Segment Start: Data under study

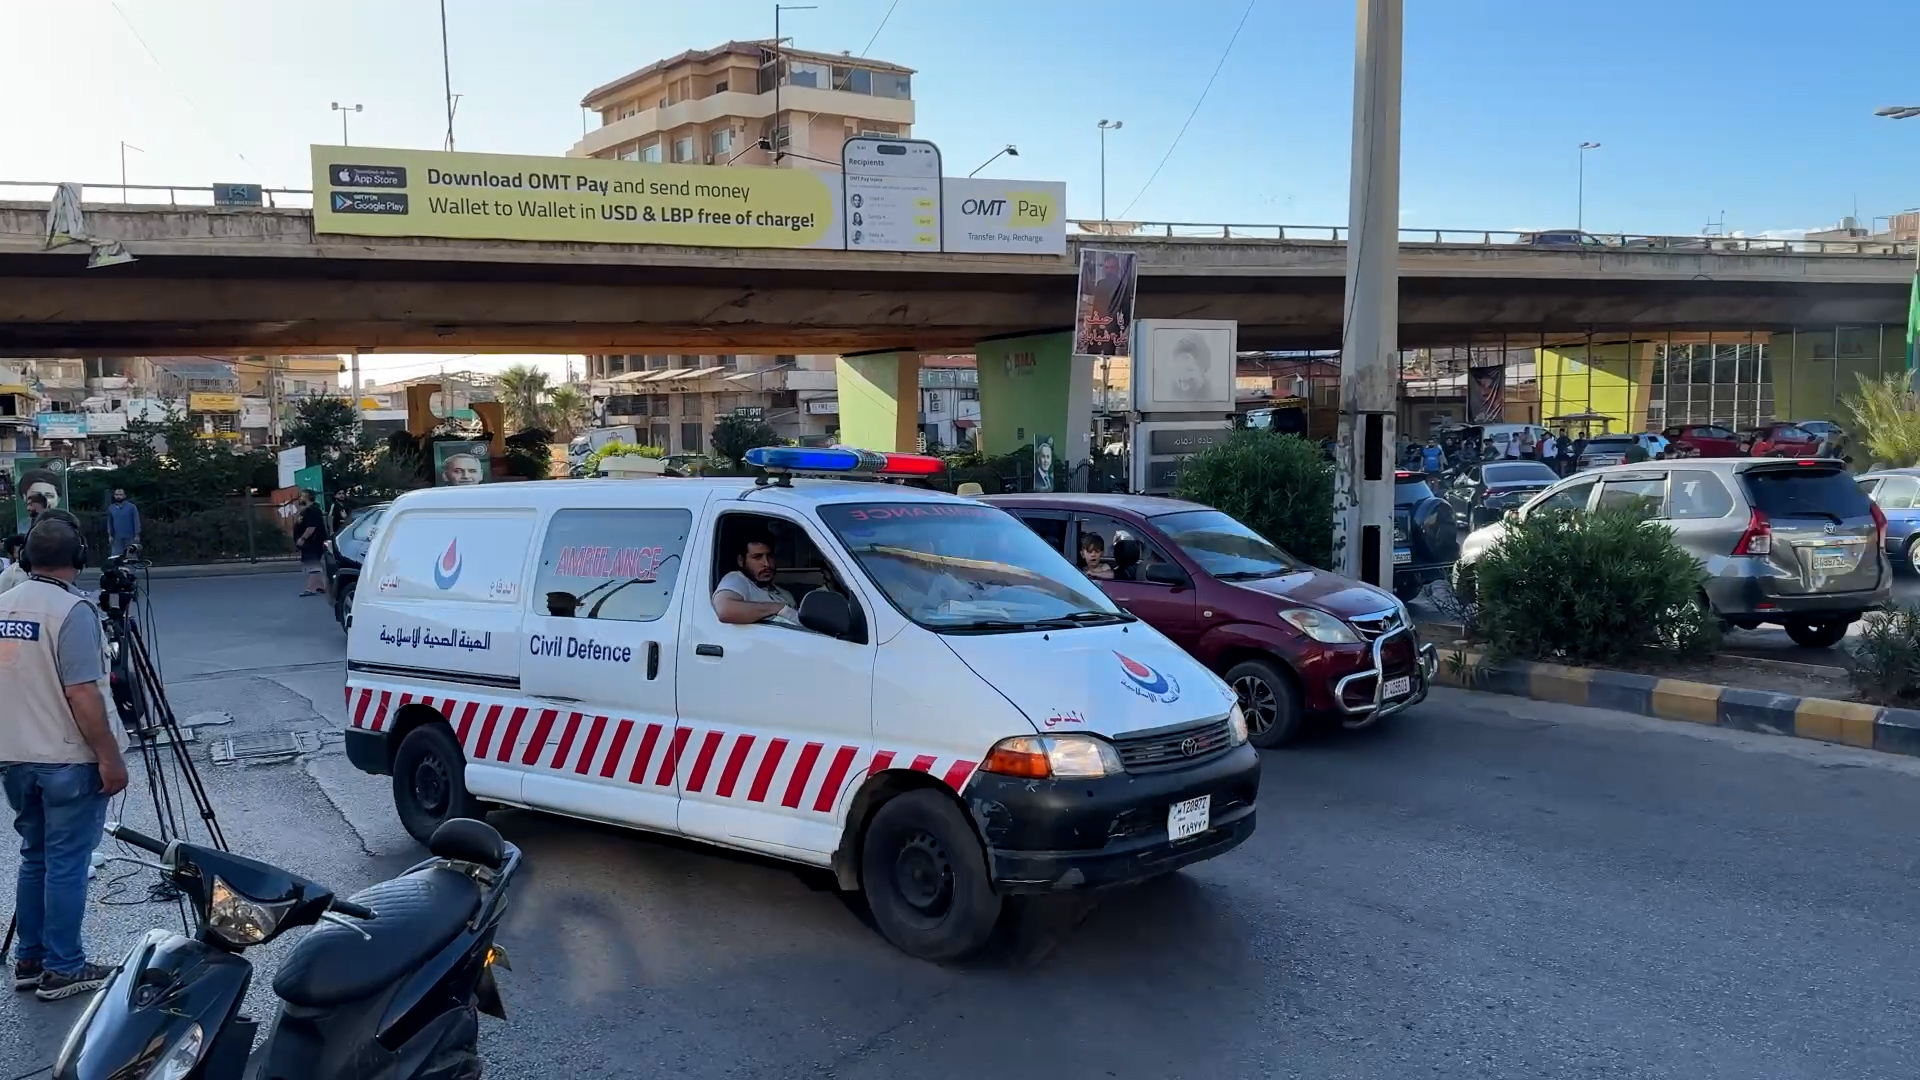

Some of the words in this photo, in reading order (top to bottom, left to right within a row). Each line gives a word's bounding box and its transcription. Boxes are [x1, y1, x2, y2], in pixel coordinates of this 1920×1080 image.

[848, 158, 885, 167] Recipients
[353, 174, 372, 184] App
[374, 175, 398, 184] Store
[428, 168, 523, 188] Download
[528, 173, 571, 191] OMT
[577, 175, 608, 196] Pay
[613, 178, 645, 194] and
[650, 180, 690, 196] send
[695, 185, 750, 202] money
[354, 201, 385, 211] Google
[387, 202, 404, 212] Play
[429, 197, 490, 216] Wallet
[494, 201, 513, 216] to
[517, 201, 576, 218] Wallet
[580, 203, 596, 220] in
[601, 205, 637, 221] USD
[643, 206, 656, 222] &
[661, 207, 693, 223] LBP
[698, 208, 731, 225] free
[735, 210, 752, 226] of
[756, 211, 814, 231] charge!
[961, 199, 1007, 216] OMT
[1018, 200, 1047, 222] Pay
[552, 546, 664, 580] AMBULANCE
[489, 578, 517, 598] الدفاع
[0, 621, 33, 639] RESS
[380, 624, 421, 649] الاسلامية
[423, 627, 458, 649] الصحية
[530, 634, 562, 657] Civil
[566, 637, 631, 662] Defence
[1044, 706, 1086, 729] المدني

Segment End: Data under study

[What you need to do]
Set down all of the entries precisely and keep the pictures out of the copy.

[Solution]
Some of the words in this photo, in reading order (top to bottom, left to right within a row). Each line gives a word's bounding box and its transcription. Boxes are [x1, y1, x2, y2], in pixel coordinates of this 1920×1080 image.

[848, 158, 885, 167] Recipients
[353, 174, 372, 184] App
[374, 175, 398, 184] Store
[428, 168, 523, 188] Download
[528, 173, 571, 191] OMT
[577, 175, 608, 196] Pay
[613, 178, 645, 194] and
[650, 180, 690, 196] send
[695, 185, 750, 202] money
[354, 201, 385, 211] Google
[387, 202, 404, 212] Play
[429, 197, 490, 216] Wallet
[494, 201, 513, 216] to
[517, 201, 576, 218] Wallet
[580, 203, 596, 220] in
[601, 205, 637, 221] USD
[643, 206, 656, 222] &
[661, 207, 693, 223] LBP
[698, 208, 731, 225] free
[735, 210, 752, 226] of
[756, 211, 814, 231] charge!
[961, 199, 1007, 216] OMT
[1018, 200, 1047, 222] Pay
[552, 546, 664, 580] AMBULANCE
[489, 578, 517, 598] الدفاع
[0, 621, 33, 639] RESS
[380, 624, 421, 649] الاسلامية
[423, 627, 458, 649] الصحية
[530, 634, 562, 657] Civil
[566, 637, 631, 662] Defence
[1044, 706, 1086, 729] المدني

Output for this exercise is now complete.